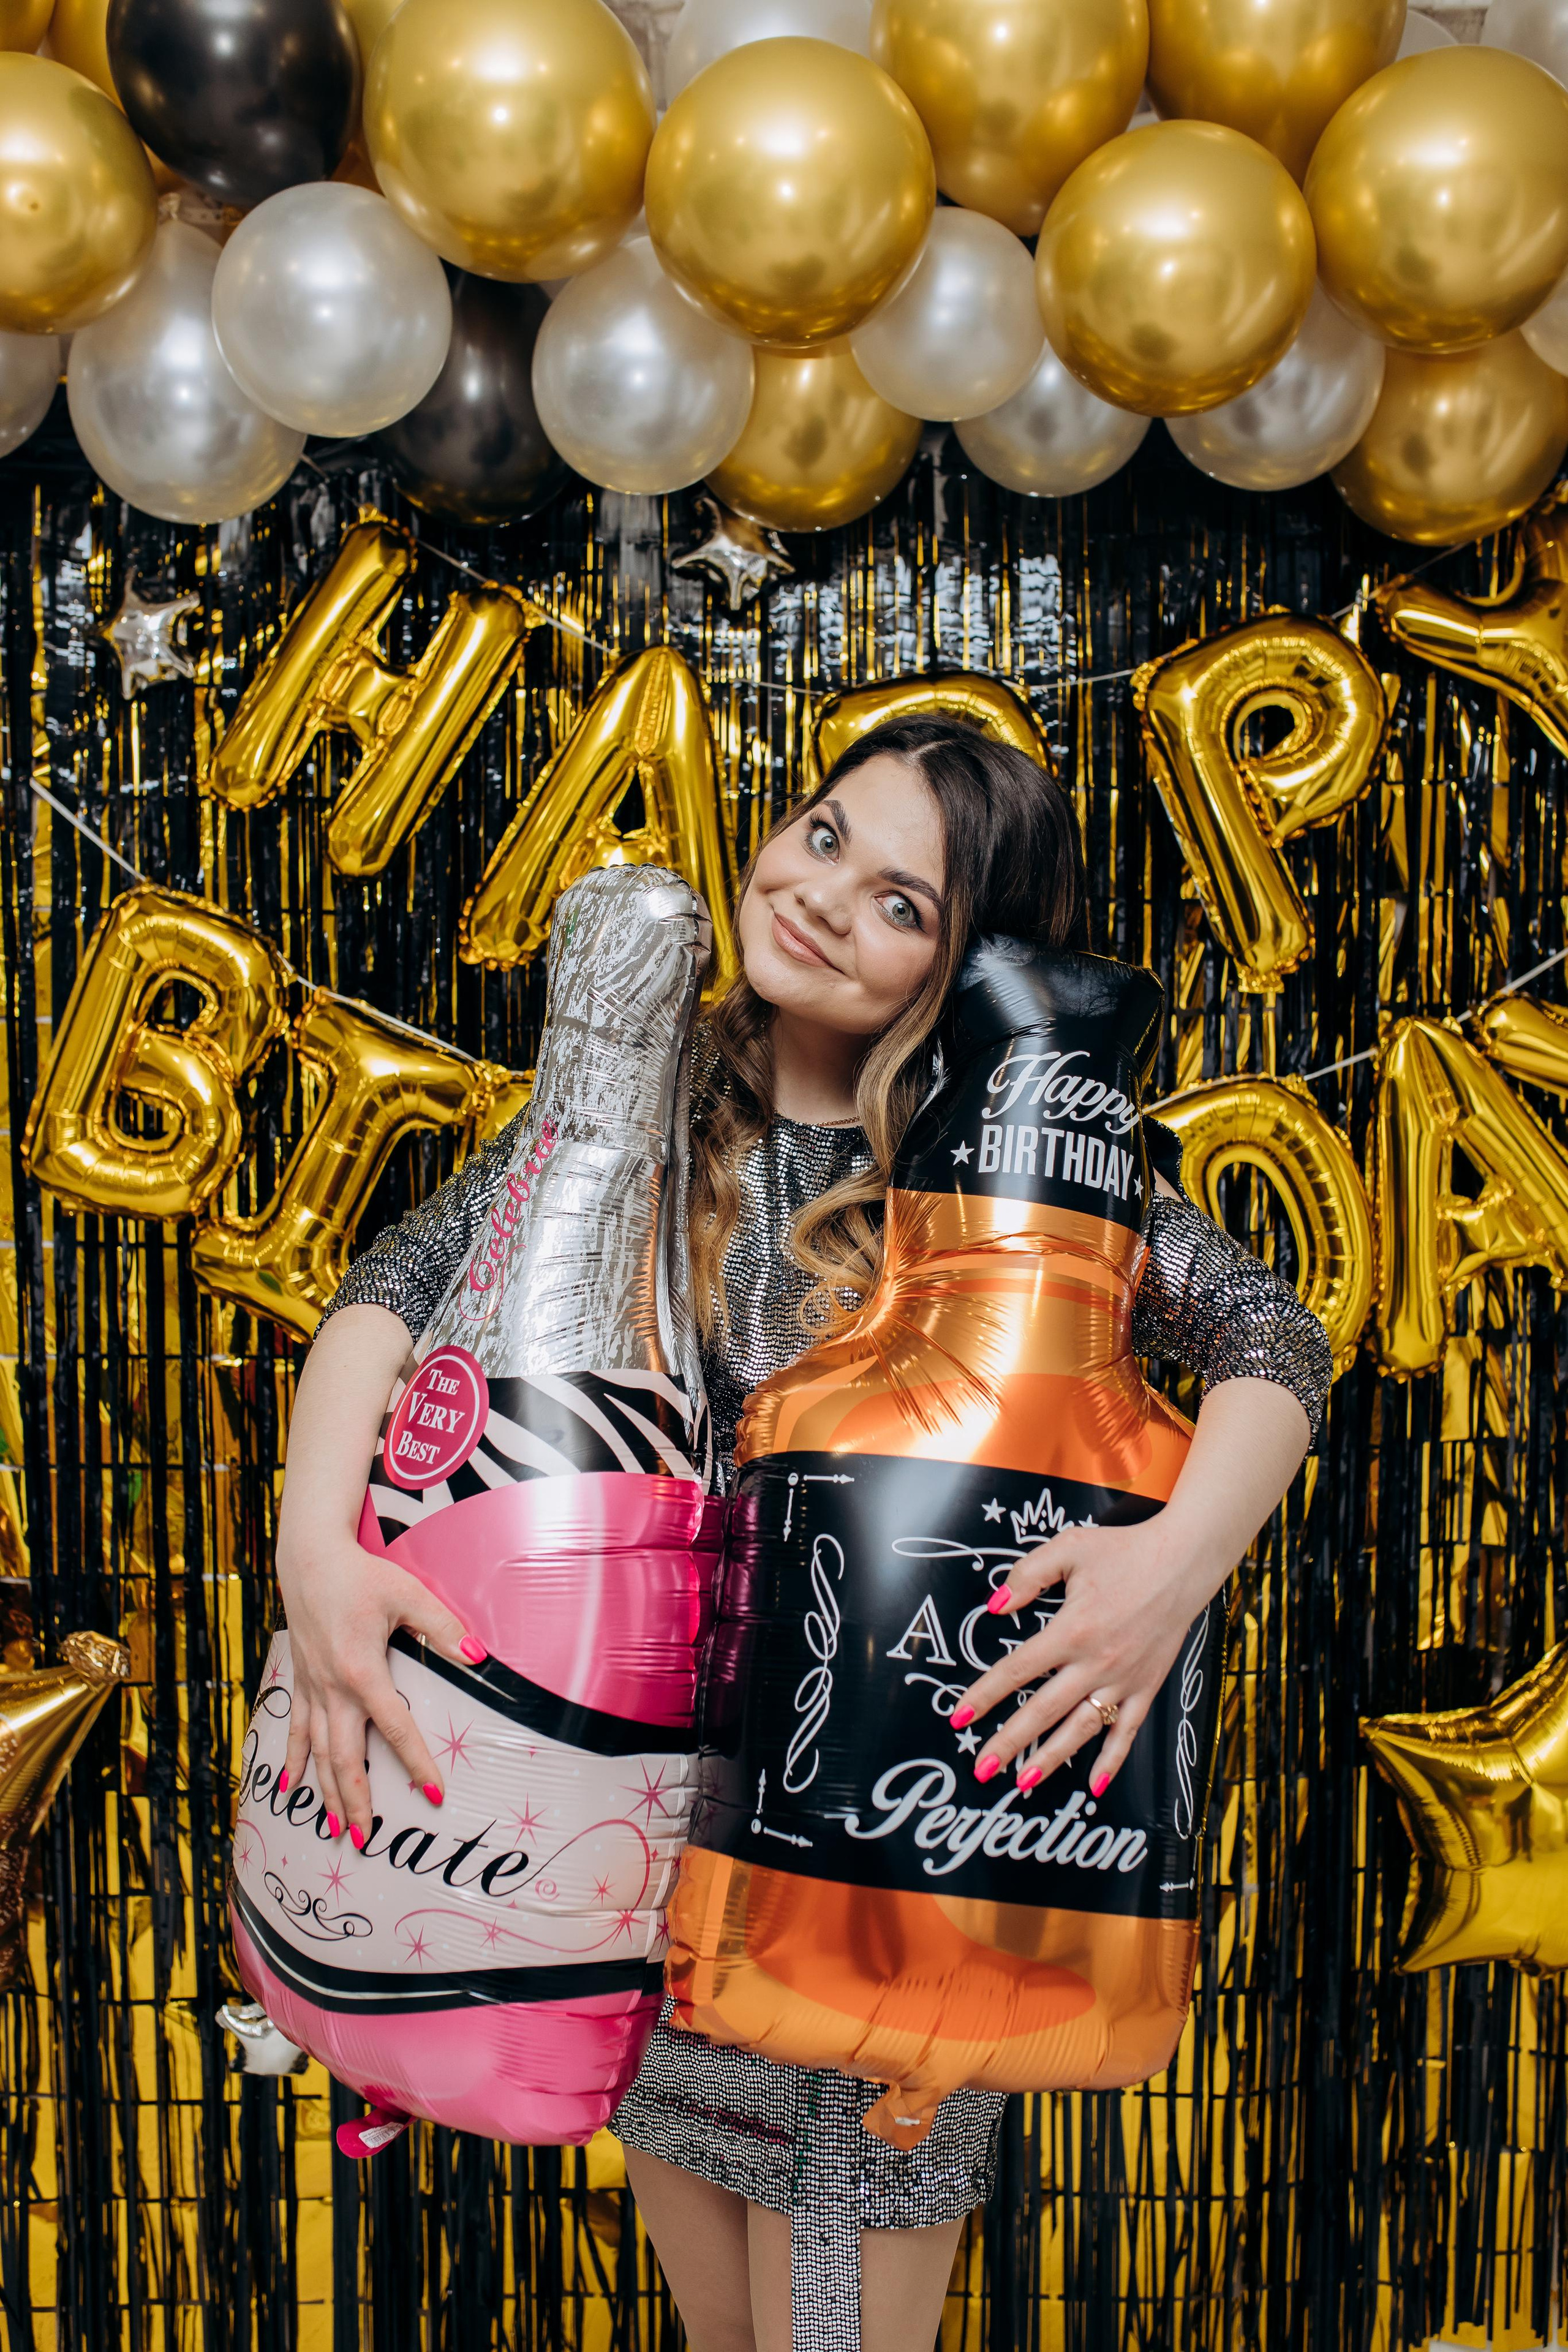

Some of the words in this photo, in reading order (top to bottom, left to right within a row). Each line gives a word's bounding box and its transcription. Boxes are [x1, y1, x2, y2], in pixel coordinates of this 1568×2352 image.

[981, 1050, 1140, 1135] Happy
[978, 1124, 1134, 1201] BIRTHDAY
[459, 1114, 559, 1321] Celebrae
[408, 1391, 466, 1434] VERY
[426, 1368, 461, 1396] THE
[395, 1430, 441, 1465] BEST
[845, 1757, 1148, 1876] Perfection
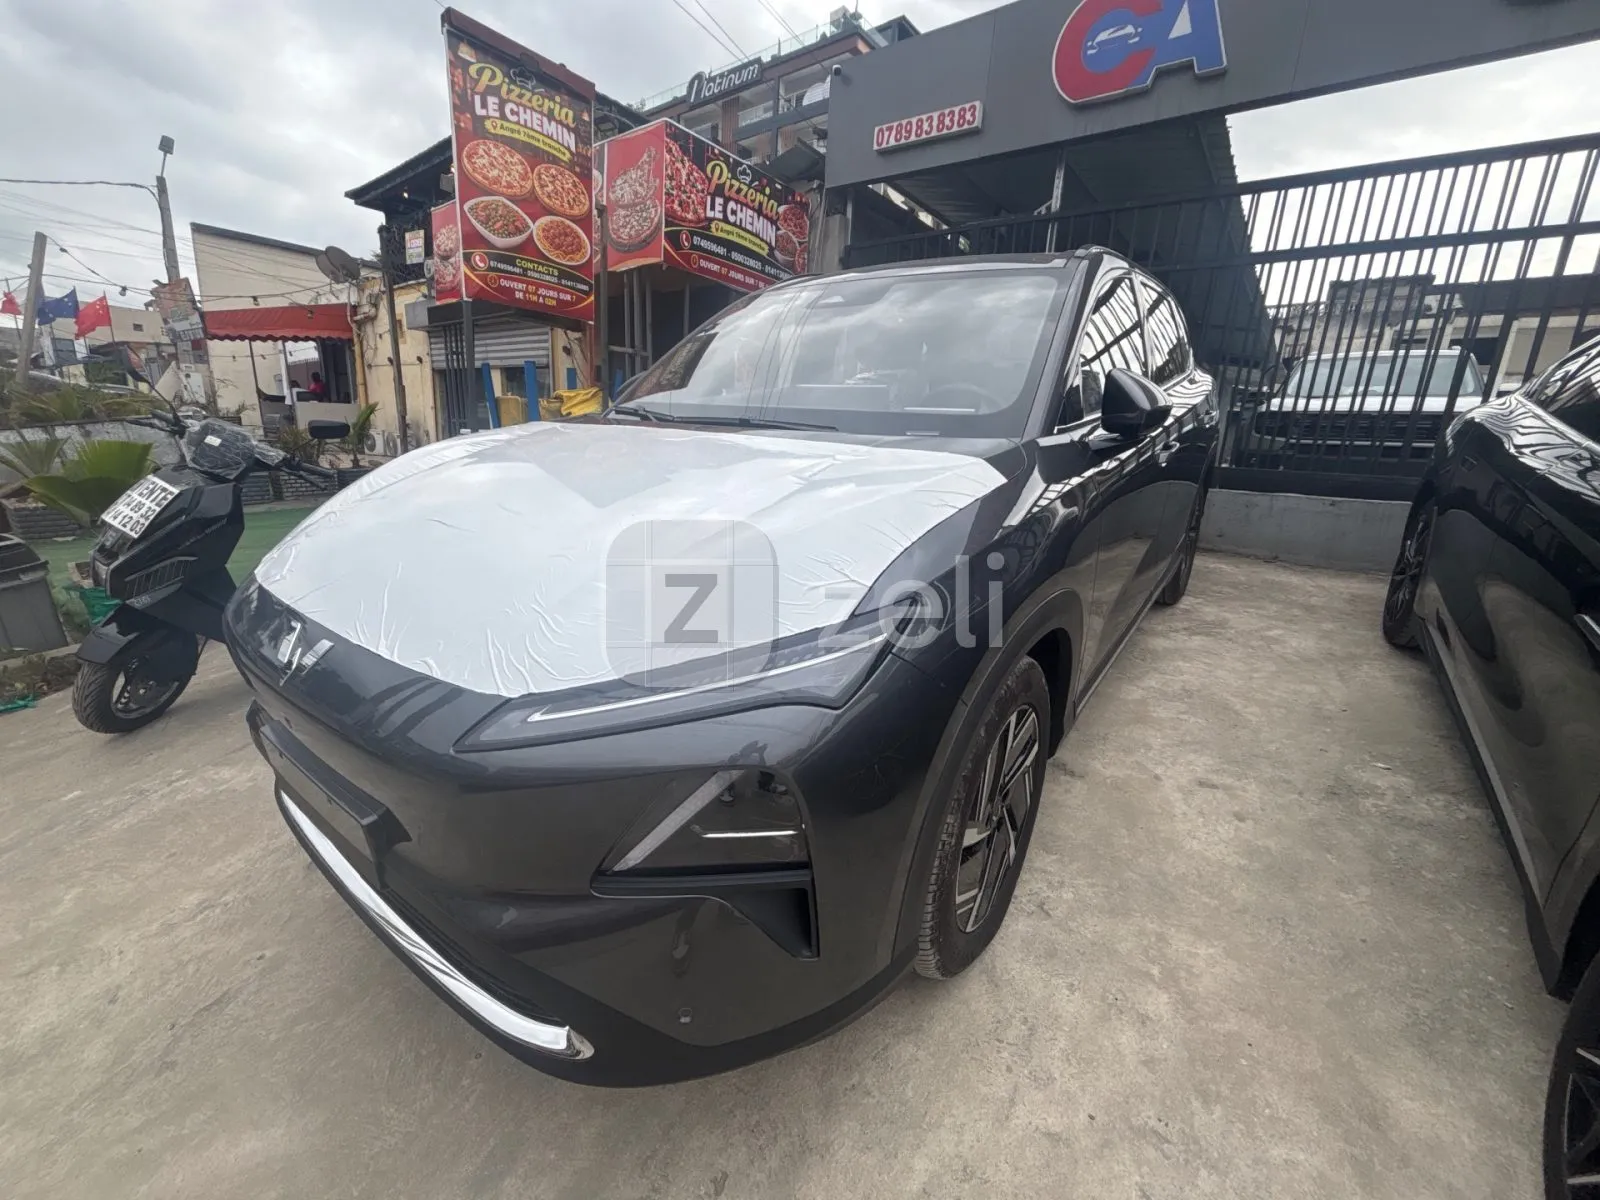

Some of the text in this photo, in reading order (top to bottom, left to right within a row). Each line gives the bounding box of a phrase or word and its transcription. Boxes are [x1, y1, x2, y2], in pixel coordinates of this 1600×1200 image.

• • • •

INSTRUCTIONS FOR THE TASK >>
Your copy must reproduce the entries above in full, without their pictures.

EXERCISE RESULT >>
Some of the words in this photo, in reading order (top to bottom, left to right within a row). Each line gives a word's bounding box and its transcription. Boxes are [x1, y1, x2, y2], in pixel coordinates of this 1568×2352 image.

[981, 1050, 1140, 1135] Happy
[978, 1124, 1134, 1201] BIRTHDAY
[459, 1114, 559, 1321] Celebrae
[408, 1391, 466, 1434] VERY
[426, 1368, 461, 1396] THE
[395, 1430, 441, 1465] BEST
[845, 1757, 1148, 1876] Perfection

Some of the text in this photo, in reading order (top to bottom, left to right within a row). Each line gives the bounding box of a phrase or word and its transcription. Boxes are [x1, y1, x2, y2], in pixel coordinates of this 1600×1200 image.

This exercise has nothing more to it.